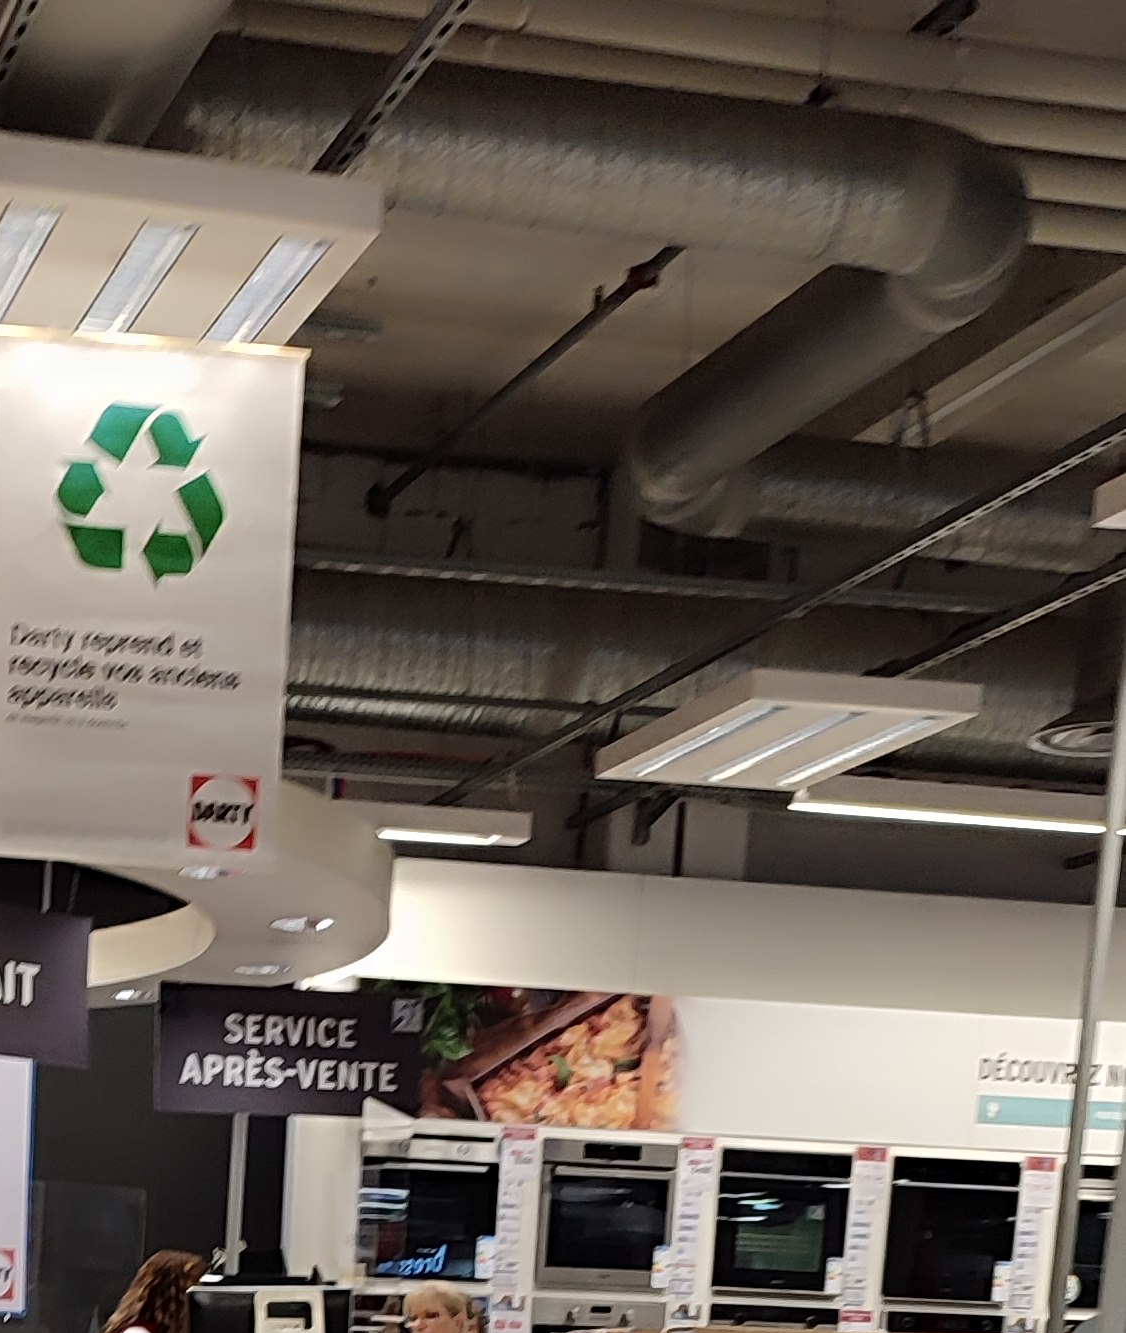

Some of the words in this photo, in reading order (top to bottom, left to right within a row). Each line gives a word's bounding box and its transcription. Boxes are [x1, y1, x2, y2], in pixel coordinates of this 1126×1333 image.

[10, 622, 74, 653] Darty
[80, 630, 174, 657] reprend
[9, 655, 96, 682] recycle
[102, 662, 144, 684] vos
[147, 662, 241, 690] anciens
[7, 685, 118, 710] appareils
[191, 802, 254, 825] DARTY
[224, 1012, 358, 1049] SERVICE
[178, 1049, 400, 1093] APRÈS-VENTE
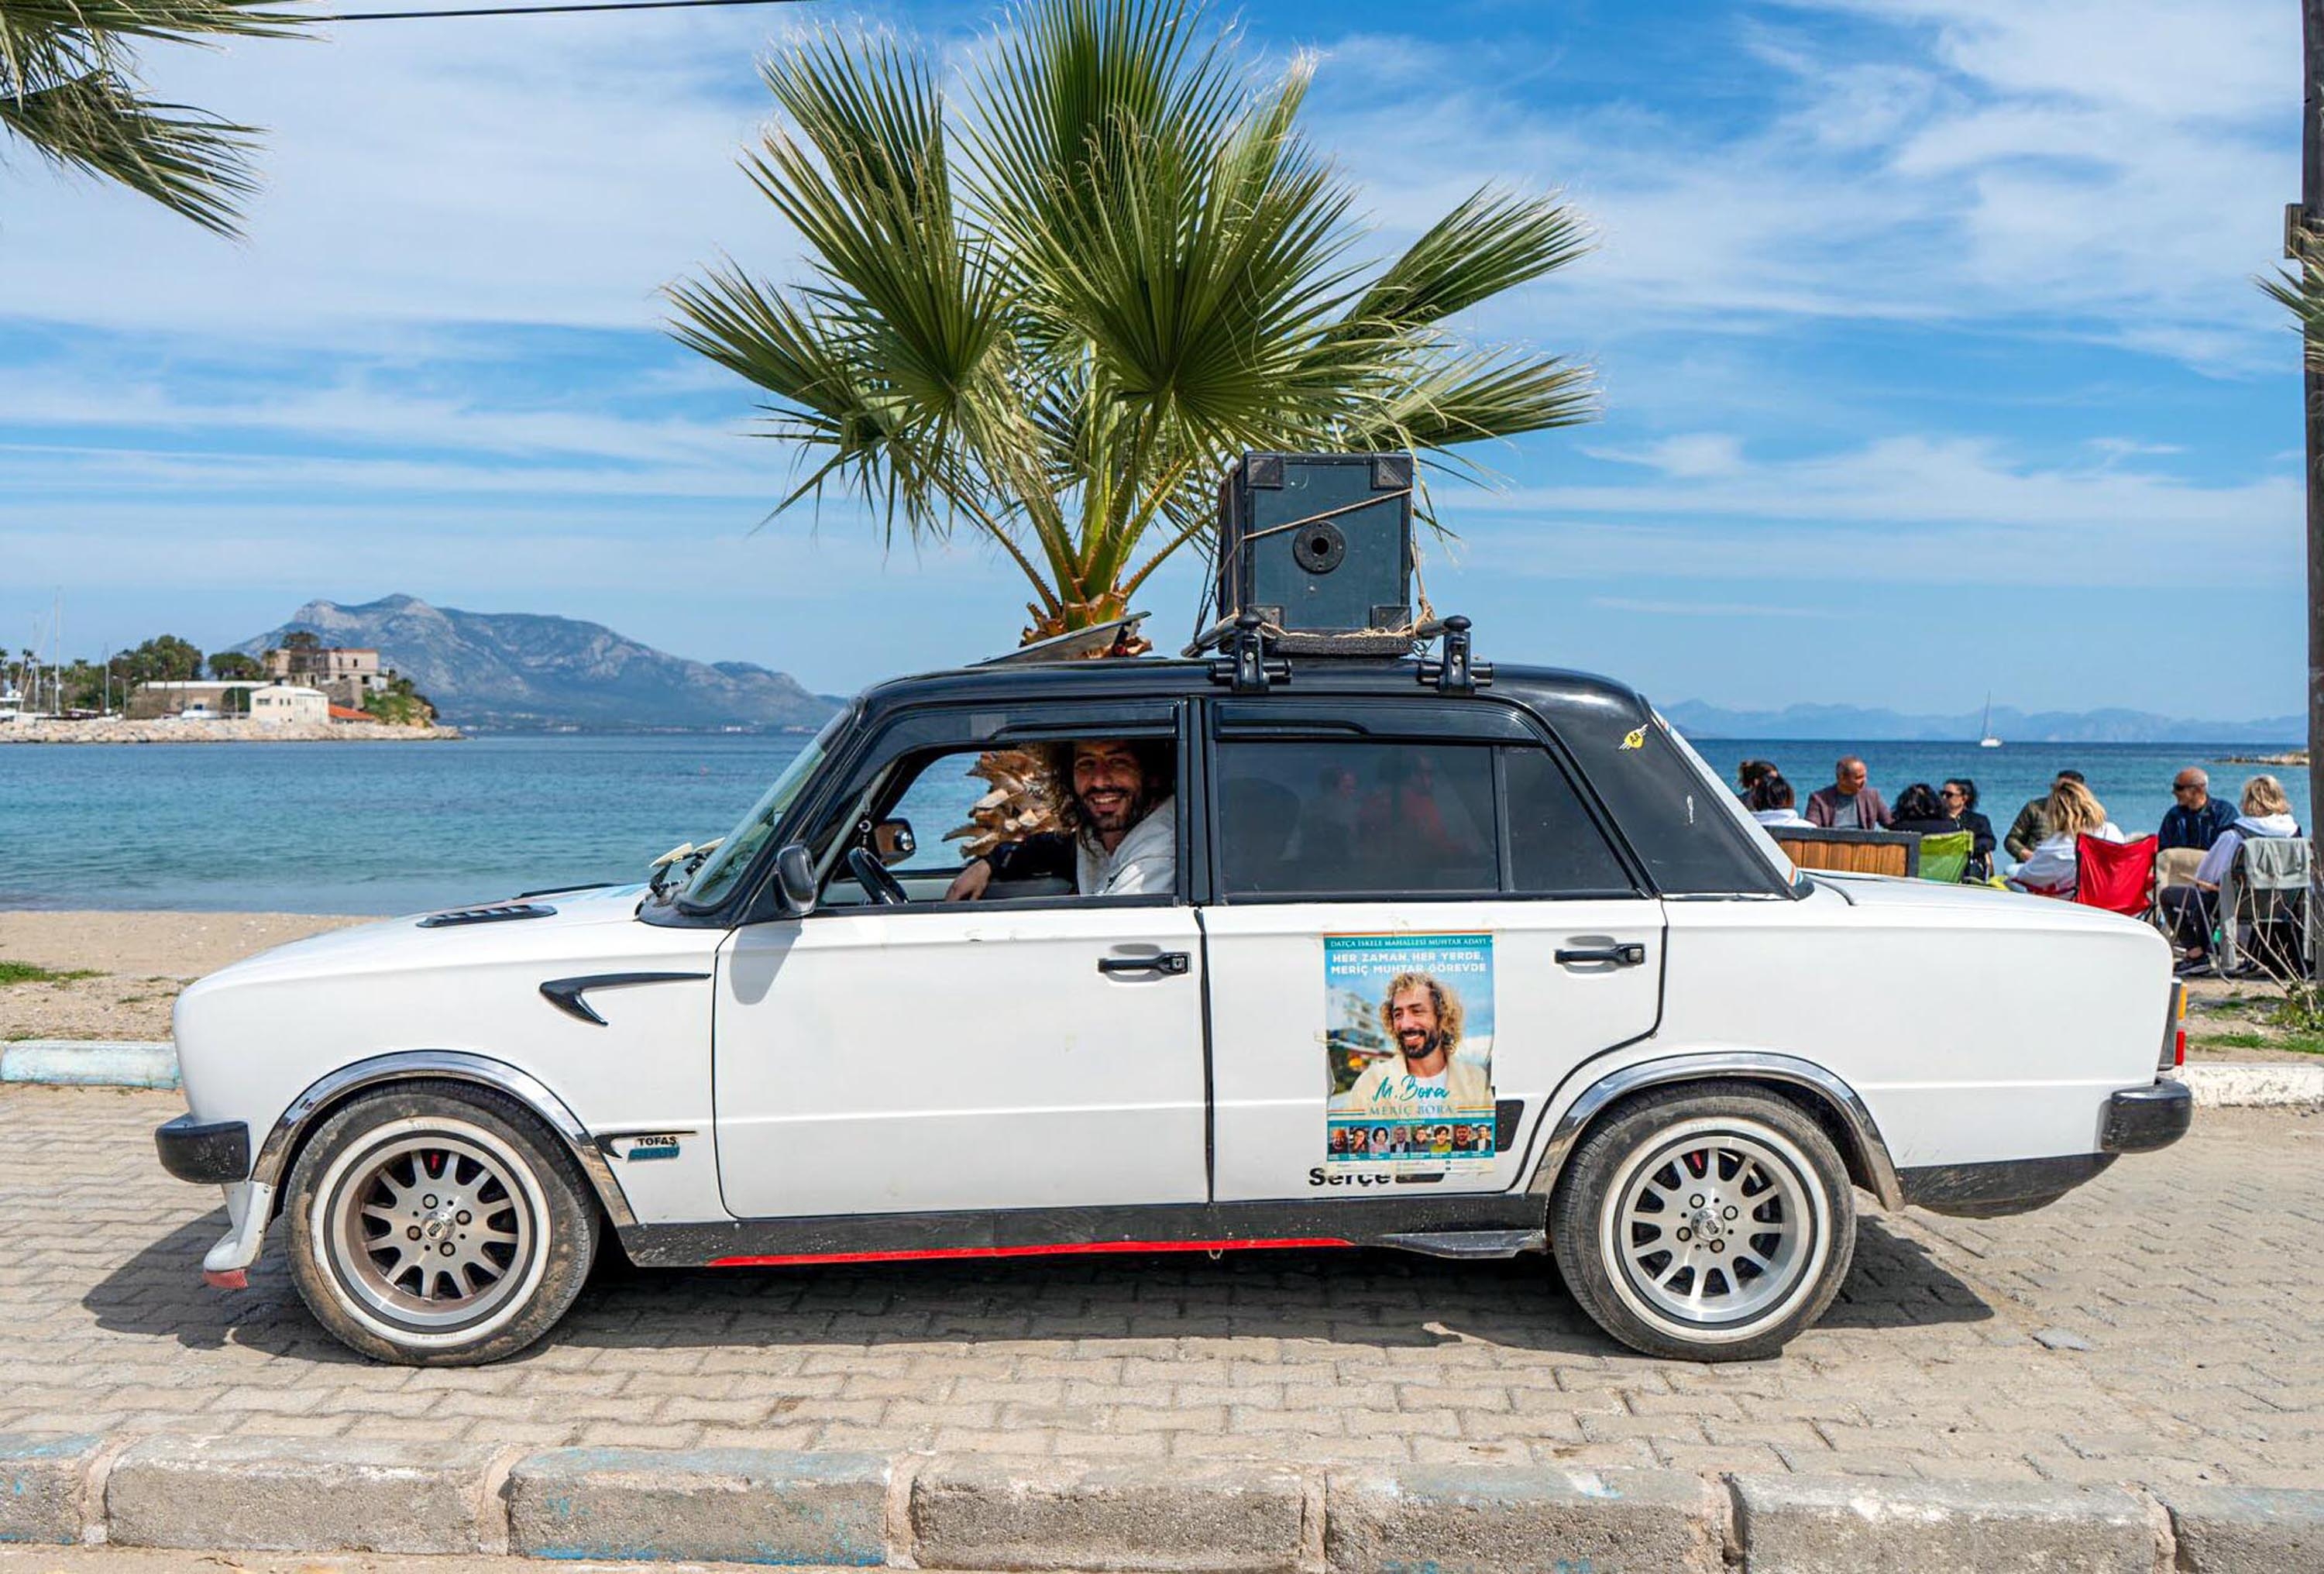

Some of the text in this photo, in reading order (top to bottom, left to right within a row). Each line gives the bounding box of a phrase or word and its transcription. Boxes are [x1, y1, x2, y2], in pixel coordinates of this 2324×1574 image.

========

> **Problem**:
Reproduce the lines above exactly, please, but not the pictures in them.

> **Response to this task**:
Some of the words in this photo, in reading order (top to bottom, left to right within a row). Each line gives a word's bounding box and its transcription. Boxes are [x1, y1, x2, y2], in pixel coordinates of this 1126×1333 image.

[10, 622, 74, 653] Darty
[80, 630, 174, 657] reprend
[9, 655, 96, 682] recycle
[102, 662, 144, 684] vos
[147, 662, 241, 690] anciens
[7, 685, 118, 710] appareils
[191, 802, 254, 825] DARTY
[224, 1012, 358, 1049] SERVICE
[178, 1049, 400, 1093] APRÈS-VENTE

Some of the text in this photo, in reading order (top to bottom, left to right within a row). Each line gives the bounding box of a phrase or word and its transcription. Boxes are [x1, y1, x2, y2], in pixel coordinates of this 2324×1574 image.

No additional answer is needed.